Malheur au passant de race noble ou seulement vêtu à l'occidentale qui, s'étant égaré dans sa promenade, demandait son chemin! Malheur à celui qui, dans les chaleurs de l'été, implorait un verre d'eau pour étancher sa soif! Il se voyait repoussé par les femmes, chassé à coups de pierres par les enfants, poursuivi par des chiens hargneux. Tout homme de race seigneuriale était un ennemi.
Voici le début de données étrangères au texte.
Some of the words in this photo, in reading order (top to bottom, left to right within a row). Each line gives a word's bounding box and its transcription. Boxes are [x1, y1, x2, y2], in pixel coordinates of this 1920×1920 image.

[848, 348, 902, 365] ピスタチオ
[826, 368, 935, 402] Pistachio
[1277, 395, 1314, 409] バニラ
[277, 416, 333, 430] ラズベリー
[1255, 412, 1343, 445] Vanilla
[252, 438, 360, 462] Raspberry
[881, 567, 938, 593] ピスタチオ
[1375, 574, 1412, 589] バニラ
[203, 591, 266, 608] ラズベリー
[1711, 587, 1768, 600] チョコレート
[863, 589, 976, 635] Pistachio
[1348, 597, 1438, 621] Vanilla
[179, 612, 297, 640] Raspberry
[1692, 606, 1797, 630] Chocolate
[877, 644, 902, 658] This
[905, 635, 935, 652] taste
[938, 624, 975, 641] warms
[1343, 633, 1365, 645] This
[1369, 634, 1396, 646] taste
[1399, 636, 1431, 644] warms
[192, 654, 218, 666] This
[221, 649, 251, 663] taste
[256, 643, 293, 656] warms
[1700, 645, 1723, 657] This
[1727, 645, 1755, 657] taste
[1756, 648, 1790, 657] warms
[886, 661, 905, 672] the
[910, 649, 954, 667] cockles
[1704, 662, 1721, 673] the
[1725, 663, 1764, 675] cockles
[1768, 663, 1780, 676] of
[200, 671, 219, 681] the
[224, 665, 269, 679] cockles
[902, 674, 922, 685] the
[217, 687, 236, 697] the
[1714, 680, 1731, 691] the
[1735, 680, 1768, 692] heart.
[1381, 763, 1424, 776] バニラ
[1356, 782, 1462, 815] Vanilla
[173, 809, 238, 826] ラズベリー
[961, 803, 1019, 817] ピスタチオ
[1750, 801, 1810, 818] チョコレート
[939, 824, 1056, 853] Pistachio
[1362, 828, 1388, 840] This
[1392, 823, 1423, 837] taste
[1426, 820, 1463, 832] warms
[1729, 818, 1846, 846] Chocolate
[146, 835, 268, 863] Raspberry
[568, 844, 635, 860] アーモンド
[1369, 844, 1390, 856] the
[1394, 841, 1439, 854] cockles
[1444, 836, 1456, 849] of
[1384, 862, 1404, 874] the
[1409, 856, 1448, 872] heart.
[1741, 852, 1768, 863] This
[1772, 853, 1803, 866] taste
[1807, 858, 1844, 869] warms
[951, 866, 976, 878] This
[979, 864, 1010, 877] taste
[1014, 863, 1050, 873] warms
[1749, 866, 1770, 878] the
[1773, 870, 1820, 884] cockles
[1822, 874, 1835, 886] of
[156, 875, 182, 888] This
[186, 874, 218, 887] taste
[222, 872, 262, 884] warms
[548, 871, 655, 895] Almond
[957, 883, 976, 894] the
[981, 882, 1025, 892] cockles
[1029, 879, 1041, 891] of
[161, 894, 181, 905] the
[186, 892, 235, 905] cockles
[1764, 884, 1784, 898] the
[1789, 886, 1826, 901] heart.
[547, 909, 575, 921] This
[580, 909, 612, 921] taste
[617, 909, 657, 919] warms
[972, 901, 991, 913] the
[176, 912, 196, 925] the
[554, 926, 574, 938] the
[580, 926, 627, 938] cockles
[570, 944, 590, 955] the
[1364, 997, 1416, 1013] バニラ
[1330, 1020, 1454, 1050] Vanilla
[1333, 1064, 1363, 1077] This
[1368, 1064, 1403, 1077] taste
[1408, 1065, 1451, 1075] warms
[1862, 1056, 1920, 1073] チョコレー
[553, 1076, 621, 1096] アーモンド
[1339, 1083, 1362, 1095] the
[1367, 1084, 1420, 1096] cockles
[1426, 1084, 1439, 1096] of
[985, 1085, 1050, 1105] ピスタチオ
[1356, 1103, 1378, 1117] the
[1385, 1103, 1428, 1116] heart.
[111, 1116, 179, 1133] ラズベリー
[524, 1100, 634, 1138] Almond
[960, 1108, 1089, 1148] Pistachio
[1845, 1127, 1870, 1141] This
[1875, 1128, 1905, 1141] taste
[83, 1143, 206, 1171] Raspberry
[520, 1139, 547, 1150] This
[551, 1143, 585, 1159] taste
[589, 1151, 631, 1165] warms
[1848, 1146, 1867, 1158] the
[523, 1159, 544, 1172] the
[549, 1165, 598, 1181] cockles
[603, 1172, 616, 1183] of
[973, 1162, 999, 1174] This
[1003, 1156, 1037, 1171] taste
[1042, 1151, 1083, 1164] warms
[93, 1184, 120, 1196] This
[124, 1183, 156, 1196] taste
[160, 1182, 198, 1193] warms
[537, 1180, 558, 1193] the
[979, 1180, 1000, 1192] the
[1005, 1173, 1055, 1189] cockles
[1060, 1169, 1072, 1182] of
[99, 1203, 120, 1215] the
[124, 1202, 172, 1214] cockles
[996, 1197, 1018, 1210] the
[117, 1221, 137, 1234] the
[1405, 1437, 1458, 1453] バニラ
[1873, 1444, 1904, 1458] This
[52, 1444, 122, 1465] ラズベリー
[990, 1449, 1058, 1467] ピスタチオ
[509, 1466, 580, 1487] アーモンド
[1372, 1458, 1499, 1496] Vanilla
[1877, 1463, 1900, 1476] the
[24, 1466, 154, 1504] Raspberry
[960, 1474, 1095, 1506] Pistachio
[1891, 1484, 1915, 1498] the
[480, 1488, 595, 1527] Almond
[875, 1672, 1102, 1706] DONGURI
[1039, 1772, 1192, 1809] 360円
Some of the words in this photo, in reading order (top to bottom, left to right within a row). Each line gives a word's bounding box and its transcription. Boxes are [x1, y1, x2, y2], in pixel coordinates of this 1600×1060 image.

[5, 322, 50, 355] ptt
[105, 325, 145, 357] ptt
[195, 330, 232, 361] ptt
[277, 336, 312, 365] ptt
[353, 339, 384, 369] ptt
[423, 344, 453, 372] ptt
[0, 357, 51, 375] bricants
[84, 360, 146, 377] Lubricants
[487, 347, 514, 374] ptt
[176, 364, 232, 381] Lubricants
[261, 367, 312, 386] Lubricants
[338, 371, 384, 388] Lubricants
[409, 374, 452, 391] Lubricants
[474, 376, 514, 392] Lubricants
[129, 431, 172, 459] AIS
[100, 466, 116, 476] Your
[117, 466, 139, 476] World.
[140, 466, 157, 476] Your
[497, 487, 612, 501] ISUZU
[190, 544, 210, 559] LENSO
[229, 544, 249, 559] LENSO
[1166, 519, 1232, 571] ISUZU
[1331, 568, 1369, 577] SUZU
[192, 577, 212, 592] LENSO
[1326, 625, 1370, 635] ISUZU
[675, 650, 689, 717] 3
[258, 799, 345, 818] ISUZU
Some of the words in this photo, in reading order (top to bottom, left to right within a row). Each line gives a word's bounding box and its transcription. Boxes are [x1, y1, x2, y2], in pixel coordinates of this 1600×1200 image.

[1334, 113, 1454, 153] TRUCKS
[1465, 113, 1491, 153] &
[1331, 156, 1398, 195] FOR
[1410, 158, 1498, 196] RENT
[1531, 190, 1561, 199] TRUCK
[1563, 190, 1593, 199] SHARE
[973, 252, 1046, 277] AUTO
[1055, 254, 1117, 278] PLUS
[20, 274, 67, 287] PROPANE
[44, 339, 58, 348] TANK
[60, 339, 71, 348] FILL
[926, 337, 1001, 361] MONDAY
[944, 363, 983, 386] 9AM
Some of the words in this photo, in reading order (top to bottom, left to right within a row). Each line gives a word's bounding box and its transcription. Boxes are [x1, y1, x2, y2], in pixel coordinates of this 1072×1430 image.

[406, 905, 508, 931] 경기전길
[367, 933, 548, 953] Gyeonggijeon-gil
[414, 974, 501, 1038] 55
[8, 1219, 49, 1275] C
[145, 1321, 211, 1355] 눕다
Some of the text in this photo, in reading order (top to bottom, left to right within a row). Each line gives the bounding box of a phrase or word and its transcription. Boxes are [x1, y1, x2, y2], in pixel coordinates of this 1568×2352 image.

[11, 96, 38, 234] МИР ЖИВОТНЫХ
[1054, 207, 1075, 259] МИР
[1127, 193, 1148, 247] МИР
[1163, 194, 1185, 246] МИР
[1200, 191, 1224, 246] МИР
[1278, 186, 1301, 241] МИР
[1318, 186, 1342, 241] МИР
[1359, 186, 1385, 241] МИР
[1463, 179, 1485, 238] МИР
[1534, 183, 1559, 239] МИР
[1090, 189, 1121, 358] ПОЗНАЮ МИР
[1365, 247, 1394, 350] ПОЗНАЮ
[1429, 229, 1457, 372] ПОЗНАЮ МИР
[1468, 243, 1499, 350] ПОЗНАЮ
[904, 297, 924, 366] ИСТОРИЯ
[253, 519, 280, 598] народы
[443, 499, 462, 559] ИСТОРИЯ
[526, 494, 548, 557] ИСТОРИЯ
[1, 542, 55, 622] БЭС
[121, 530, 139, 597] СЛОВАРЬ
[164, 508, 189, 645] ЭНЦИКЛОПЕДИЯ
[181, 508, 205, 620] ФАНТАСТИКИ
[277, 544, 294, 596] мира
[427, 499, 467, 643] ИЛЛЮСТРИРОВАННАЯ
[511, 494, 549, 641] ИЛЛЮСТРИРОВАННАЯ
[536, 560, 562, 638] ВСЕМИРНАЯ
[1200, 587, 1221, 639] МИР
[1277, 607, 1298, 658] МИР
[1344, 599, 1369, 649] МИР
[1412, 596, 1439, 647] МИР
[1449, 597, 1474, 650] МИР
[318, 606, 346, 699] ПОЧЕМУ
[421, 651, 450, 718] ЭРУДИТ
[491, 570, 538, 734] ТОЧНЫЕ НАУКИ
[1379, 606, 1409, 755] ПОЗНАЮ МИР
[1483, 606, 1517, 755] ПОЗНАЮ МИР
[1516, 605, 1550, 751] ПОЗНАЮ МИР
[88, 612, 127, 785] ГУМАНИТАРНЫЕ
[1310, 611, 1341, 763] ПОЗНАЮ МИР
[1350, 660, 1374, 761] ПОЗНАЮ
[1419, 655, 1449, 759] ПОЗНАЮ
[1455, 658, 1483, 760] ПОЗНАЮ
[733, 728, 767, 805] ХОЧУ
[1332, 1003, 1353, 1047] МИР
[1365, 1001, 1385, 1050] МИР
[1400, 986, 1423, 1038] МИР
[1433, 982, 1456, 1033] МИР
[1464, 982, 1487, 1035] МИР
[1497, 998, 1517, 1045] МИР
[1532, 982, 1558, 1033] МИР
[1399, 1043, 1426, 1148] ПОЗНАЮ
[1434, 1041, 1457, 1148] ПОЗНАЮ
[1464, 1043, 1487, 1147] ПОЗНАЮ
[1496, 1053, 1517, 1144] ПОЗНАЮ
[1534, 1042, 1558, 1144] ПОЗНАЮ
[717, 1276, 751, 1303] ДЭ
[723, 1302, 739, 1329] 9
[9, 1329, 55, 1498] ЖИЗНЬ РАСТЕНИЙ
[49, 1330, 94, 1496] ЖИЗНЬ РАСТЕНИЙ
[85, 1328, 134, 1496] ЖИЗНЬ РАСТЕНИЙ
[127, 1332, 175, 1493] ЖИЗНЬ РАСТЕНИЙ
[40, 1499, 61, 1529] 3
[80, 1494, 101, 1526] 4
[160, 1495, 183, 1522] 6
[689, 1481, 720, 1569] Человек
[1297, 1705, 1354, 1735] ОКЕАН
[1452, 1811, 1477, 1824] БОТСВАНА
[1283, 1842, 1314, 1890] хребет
Les cabanes nues, le sol aride, les puits desséchés où l'on ne faisait pas revenir la source tarie, de peur qu'il n'en fallût porter l'eau fraîche à la demeure seigneuriale, l'abandon des granges communales, la maigreur des chevaux et des vaches, tout parlait éloquemment de la tyrannie du maître tandis que dans les villages environnants de grasses prairies, des blés magnifiques, des troupeaux abondants évoquaient des idées de richesse et de prospérité. Les paysannes, vêtues de jupes éclatantes et de chemises bariolées, rencontraient à leurs puits les filles hâves et déguenillées de Bagrianovka.
--Pourquoi ne vis-tu pas connue nous? disaient-elles à la femme émaciée par la misère qui portait ses deux seaux d'eau pendant une demi-heure sous le soleil ardent pour retourner à son village.
--Le seigneurs nous prend tout, murmurait celle-ci en regardant derrière elle avec frayeur.
Plus tard elles cessèrent de répondre; leurs yeux farouches jetaient un regard de haine aux heureux qui avaient tout en abondance.
--Ils vivent comme des loups ils se dévorent entre eux, se dit-on dans tes villages environnants. Et l'on ne songea même plus à les plaindre.
II
La récolte de 1842 fut exceptionnellement mauvaise pour les habitants de Bagrianovka; la terre, dès la fin de l'hiver, se trouva brûlée par un soleil ardent; une sécheresse de quatre mois consomma la ruine des pauvres gens. Dans les gouvernements de l'intérieur,--c'est-à-dire en province,--les communes sagement administrées et les granges seigneuriales renferment souvent une réserve de blé suffisante pour dix années; mais les paysans de Bagrianovka n'avaient rien. L'année précédente ne leur avait pas été favorable, et dès le printemps il leur avait fallu emprunter au maître le grain des semailles. Septembre était venu; les maigres avoines se penchaient, légères et vides,--si vides qu'elles pouvaient tout au plus servir de fourrage aux bestiaux faméliques;--la récolte du blé avait été nulle; les mauvaises herbes avaient tout envahi. Les paysans de Bagrianovka se virent, un dimanche matin, en face de l'obligation de payer leur redevance au seigneur le jour même; l'hiver menaçait d'être dur, pas un d'entre eux n'était assuré de pouvoir nourrir sa famille jusqu'au printemps.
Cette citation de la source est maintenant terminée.